◆ WHAT IS BEING ASKED
Set all the entries down once more, with nothing altered.

Top of EXTRACTED ENTRIES

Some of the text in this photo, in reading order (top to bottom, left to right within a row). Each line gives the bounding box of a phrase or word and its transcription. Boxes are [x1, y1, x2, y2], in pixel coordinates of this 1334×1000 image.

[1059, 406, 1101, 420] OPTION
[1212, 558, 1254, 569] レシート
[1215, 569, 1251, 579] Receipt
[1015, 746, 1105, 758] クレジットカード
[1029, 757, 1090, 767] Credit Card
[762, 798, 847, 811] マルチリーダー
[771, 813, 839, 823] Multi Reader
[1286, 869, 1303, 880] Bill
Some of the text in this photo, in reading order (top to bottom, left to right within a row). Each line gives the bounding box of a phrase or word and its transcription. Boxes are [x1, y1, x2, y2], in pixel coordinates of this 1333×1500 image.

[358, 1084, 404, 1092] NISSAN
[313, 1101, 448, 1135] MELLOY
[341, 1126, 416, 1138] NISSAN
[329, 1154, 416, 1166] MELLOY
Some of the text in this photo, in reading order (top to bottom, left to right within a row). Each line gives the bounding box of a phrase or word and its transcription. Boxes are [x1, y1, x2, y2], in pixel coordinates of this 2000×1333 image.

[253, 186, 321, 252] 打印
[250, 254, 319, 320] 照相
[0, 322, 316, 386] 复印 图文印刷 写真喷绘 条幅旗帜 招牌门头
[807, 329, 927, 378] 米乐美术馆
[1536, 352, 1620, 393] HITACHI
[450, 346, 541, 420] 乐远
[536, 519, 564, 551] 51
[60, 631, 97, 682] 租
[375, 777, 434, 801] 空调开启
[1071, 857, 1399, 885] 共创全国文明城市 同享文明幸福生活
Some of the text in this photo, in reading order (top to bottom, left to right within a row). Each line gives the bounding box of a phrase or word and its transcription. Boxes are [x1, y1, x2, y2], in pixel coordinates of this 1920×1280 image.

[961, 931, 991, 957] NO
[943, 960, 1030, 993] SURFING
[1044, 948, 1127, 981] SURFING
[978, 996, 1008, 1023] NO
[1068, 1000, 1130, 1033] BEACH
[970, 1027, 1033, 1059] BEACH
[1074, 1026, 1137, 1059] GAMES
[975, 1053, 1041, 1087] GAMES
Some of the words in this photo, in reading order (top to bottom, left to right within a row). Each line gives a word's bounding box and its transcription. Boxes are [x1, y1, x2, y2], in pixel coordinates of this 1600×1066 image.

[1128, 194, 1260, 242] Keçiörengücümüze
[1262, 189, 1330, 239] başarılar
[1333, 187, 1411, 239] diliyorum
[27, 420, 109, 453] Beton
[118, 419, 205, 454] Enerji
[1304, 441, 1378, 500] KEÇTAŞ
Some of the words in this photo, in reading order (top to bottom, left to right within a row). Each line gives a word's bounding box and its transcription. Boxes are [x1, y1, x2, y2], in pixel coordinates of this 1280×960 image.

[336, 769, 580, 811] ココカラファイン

Bottom of EXTRACTED ENTRIES

◆ YOUR RESPONSE
Some of the text in this photo, in reading order (top to bottom, left to right within a row). Each line gives the bounding box of a phrase or word and its transcription. Boxes are [x1, y1, x2, y2], in pixel coordinates of this 1334×1000 image.

[1059, 406, 1101, 420] OPTION
[1212, 558, 1254, 569] レシート
[1215, 569, 1251, 579] Receipt
[1015, 746, 1105, 758] クレジットカード
[1029, 757, 1090, 767] Credit Card
[762, 798, 847, 811] マルチリーダー
[771, 813, 839, 823] Multi Reader
[1286, 869, 1303, 880] Bill
Some of the text in this photo, in reading order (top to bottom, left to right within a row). Each line gives the bounding box of a phrase or word and its transcription. Boxes are [x1, y1, x2, y2], in pixel coordinates of this 1333×1500 image.

[358, 1084, 404, 1092] NISSAN
[313, 1101, 448, 1135] MELLOY
[341, 1126, 416, 1138] NISSAN
[329, 1154, 416, 1166] MELLOY
Some of the text in this photo, in reading order (top to bottom, left to right within a row). Each line gives the bounding box of a phrase or word and its transcription. Boxes are [x1, y1, x2, y2], in pixel coordinates of this 2000×1333 image.

[253, 186, 321, 252] 打印
[250, 254, 319, 320] 照相
[0, 322, 316, 386] 复印 图文印刷 写真喷绘 条幅旗帜 招牌门头
[807, 329, 927, 378] 米乐美术馆
[1536, 352, 1620, 393] HITACHI
[450, 346, 541, 420] 乐远
[536, 519, 564, 551] 51
[60, 631, 97, 682] 租
[375, 777, 434, 801] 空调开启
[1071, 857, 1399, 885] 共创全国文明城市 同享文明幸福生活
Some of the text in this photo, in reading order (top to bottom, left to right within a row). Each line gives the bounding box of a phrase or word and its transcription. Boxes are [x1, y1, x2, y2], in pixel coordinates of this 1920×1280 image.

[961, 931, 991, 957] NO
[943, 960, 1030, 993] SURFING
[1044, 948, 1127, 981] SURFING
[978, 996, 1008, 1023] NO
[1068, 1000, 1130, 1033] BEACH
[970, 1027, 1033, 1059] BEACH
[1074, 1026, 1137, 1059] GAMES
[975, 1053, 1041, 1087] GAMES
Some of the words in this photo, in reading order (top to bottom, left to right within a row). Each line gives a word's bounding box and its transcription. Boxes are [x1, y1, x2, y2], in pixel coordinates of this 1600×1066 image.

[1128, 194, 1260, 242] Keçiörengücümüze
[1262, 189, 1330, 239] başarılar
[1333, 187, 1411, 239] diliyorum
[27, 420, 109, 453] Beton
[118, 419, 205, 454] Enerji
[1304, 441, 1378, 500] KEÇTAŞ
Some of the words in this photo, in reading order (top to bottom, left to right within a row). Each line gives a word's bounding box and its transcription. Boxes are [x1, y1, x2, y2], in pixel coordinates of this 1280×960 image.

[336, 769, 580, 811] ココカラファイン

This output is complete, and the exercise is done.